I suppose I probably shouldn't have gone into Extract with such high expectations. I usually try to keep my hopes in check but sometimes that just isn't possible, you know what I mean? There are some writers, directors, and stars that have given me reason to really love their work so that when a new project comes up, I cannot help but get a little excited. Extract is one of those movies.
With his last two films, Office Space and Idiocracy, Mike Judge has positioned himself as a man who knows his comedy and knows how to make a very funny movie (particularly the former). Well, I am not going to go so far as say this is a bad movie, it isn't — it just isn't what I was hoping for. I guess this is what happens when one of your prior films is a classic of sorts. It's hard to return to those heights (nor should one try).

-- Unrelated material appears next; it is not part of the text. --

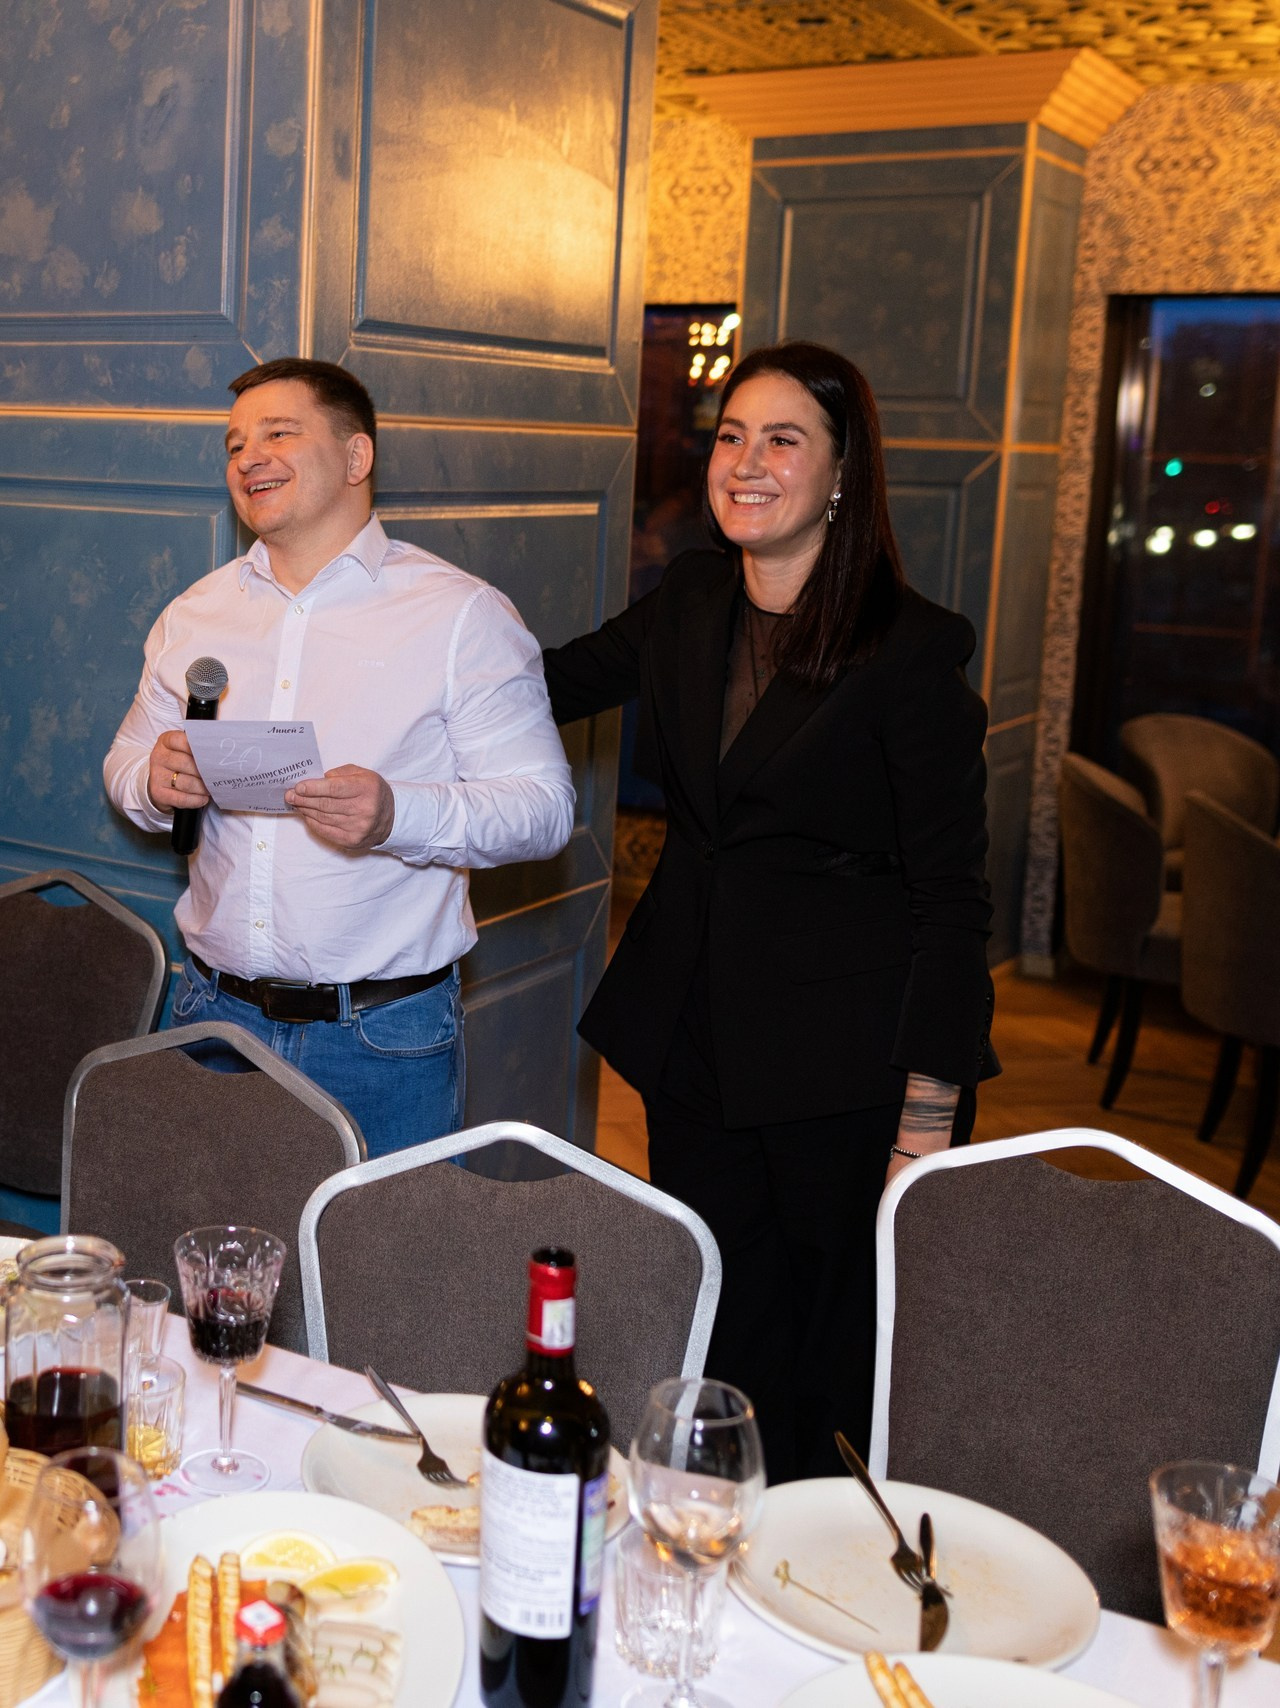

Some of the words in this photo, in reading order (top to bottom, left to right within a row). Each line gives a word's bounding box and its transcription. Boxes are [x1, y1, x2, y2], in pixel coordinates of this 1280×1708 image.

Extract centers around the stress of running a company that you do not feel fully invested in along with a healthy dose of sexual frustration. The problem is that I kept waiting for it to really take off and it never really did. It kept this stead pace of jokes that kept me interested, but the story never really hit home and I did not find any of it to be downright hilarious.
There are a couple of threads that weave their way through the film. You have Joel (Jason Bateman) trying to rekindle things with his wife, Suzie (Kristen Wiig), the problem being that if he does no get home before 8 PM, her sweatpants are more effective than a chastity belt. Joel also feels attracted to the new temp at his extract factory, Cindy (Mila Kunis), but he will not cheat on his wife. His buddy, Dean (Ben Affleck) the bartender, suggests the use of a gigolo to induce his wife to cheat and then cheat himself with a clear conscience. Then there is the part about Cindy, who is a con-woman, who takes a job at the factory for her own ulterior motives. The final primary thread concerns a factory worker named Step (Clifton Collins Jr.), who suffered a highly unfortunate accident and is planning to sue the company.
In addition to those main pieces, there are also a few minor threads in the mix to add flavor. These elements include David Koechner as an overly friendly boor of a neighbor who seemingly waits in the bushes to talk your ear off, and a line worker who talks more than he works and is suspicious of the Mexican-American co-workers. There are also rumors of the factory being sold circling around the floor, which is manned by an assortment of dysfunctional folks.